# Problem to work on:
Pull each line holding the word "Pampers" from the data.

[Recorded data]
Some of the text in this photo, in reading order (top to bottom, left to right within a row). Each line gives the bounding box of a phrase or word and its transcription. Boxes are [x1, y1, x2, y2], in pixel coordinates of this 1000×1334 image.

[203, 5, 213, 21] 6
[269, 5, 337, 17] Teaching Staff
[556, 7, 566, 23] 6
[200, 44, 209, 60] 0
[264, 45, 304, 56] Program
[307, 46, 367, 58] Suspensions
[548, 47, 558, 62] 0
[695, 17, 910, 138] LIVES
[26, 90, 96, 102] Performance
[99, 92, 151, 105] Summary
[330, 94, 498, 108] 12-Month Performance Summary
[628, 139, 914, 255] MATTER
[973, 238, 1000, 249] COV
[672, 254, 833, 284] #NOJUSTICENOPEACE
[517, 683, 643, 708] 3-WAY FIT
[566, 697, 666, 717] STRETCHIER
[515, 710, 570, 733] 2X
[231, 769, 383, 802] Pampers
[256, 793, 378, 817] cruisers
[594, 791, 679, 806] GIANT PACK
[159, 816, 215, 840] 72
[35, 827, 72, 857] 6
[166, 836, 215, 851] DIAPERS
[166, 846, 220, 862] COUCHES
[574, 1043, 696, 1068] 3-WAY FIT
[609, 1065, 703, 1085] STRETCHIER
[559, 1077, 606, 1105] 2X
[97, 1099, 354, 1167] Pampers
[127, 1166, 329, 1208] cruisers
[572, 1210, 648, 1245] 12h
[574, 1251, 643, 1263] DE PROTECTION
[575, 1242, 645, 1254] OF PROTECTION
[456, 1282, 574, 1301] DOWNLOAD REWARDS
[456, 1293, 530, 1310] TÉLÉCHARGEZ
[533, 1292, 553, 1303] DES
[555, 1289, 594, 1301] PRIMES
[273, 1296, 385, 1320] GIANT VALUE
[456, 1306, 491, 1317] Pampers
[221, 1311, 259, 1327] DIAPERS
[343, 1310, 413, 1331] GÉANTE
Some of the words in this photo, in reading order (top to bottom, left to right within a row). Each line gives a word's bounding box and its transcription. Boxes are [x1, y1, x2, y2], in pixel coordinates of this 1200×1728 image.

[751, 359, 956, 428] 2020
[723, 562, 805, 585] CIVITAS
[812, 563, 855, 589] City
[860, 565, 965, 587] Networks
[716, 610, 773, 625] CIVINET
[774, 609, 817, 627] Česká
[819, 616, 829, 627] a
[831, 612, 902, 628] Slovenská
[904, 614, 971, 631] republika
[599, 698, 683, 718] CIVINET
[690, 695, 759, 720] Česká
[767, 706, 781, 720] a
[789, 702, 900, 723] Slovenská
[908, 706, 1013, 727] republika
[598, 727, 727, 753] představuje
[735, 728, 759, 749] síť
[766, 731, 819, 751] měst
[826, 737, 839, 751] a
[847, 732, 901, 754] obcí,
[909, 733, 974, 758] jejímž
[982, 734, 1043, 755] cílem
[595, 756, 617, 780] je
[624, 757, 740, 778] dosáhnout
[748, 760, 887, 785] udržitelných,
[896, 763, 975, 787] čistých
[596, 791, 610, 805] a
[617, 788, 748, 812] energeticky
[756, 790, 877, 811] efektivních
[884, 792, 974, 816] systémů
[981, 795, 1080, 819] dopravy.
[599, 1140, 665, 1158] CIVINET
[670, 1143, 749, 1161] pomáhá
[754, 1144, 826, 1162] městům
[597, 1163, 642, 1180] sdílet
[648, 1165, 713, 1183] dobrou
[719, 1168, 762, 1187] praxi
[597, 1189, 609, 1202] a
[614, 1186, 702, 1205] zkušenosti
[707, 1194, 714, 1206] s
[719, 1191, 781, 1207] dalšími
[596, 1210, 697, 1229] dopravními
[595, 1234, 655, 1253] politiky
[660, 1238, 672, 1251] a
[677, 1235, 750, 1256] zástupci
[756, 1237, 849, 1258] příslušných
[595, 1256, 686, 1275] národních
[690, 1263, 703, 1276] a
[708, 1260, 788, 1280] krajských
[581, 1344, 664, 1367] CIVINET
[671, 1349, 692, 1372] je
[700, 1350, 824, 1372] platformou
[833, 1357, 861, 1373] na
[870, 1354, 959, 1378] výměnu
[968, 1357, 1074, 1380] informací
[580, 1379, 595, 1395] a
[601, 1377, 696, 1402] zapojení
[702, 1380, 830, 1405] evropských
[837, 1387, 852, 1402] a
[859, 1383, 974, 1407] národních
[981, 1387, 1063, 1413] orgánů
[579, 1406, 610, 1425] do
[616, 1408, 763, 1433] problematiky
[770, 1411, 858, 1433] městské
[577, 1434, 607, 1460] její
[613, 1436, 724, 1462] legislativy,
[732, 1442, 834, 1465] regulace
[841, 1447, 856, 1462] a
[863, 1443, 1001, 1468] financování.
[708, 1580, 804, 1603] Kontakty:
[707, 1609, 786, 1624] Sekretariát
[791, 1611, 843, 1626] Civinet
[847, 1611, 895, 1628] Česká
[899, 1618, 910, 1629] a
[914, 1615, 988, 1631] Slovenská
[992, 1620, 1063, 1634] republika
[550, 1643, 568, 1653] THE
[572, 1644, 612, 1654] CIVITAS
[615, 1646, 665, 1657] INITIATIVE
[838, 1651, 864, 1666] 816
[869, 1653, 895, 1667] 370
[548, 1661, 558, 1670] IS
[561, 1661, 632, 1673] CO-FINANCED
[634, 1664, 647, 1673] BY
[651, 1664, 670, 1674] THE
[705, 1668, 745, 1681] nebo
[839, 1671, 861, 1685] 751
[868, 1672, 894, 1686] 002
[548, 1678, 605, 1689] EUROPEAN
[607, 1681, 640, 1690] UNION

# Task result:
[231, 769, 383, 802] Pampers
[97, 1099, 354, 1167] Pampers
[456, 1306, 491, 1317] Pampers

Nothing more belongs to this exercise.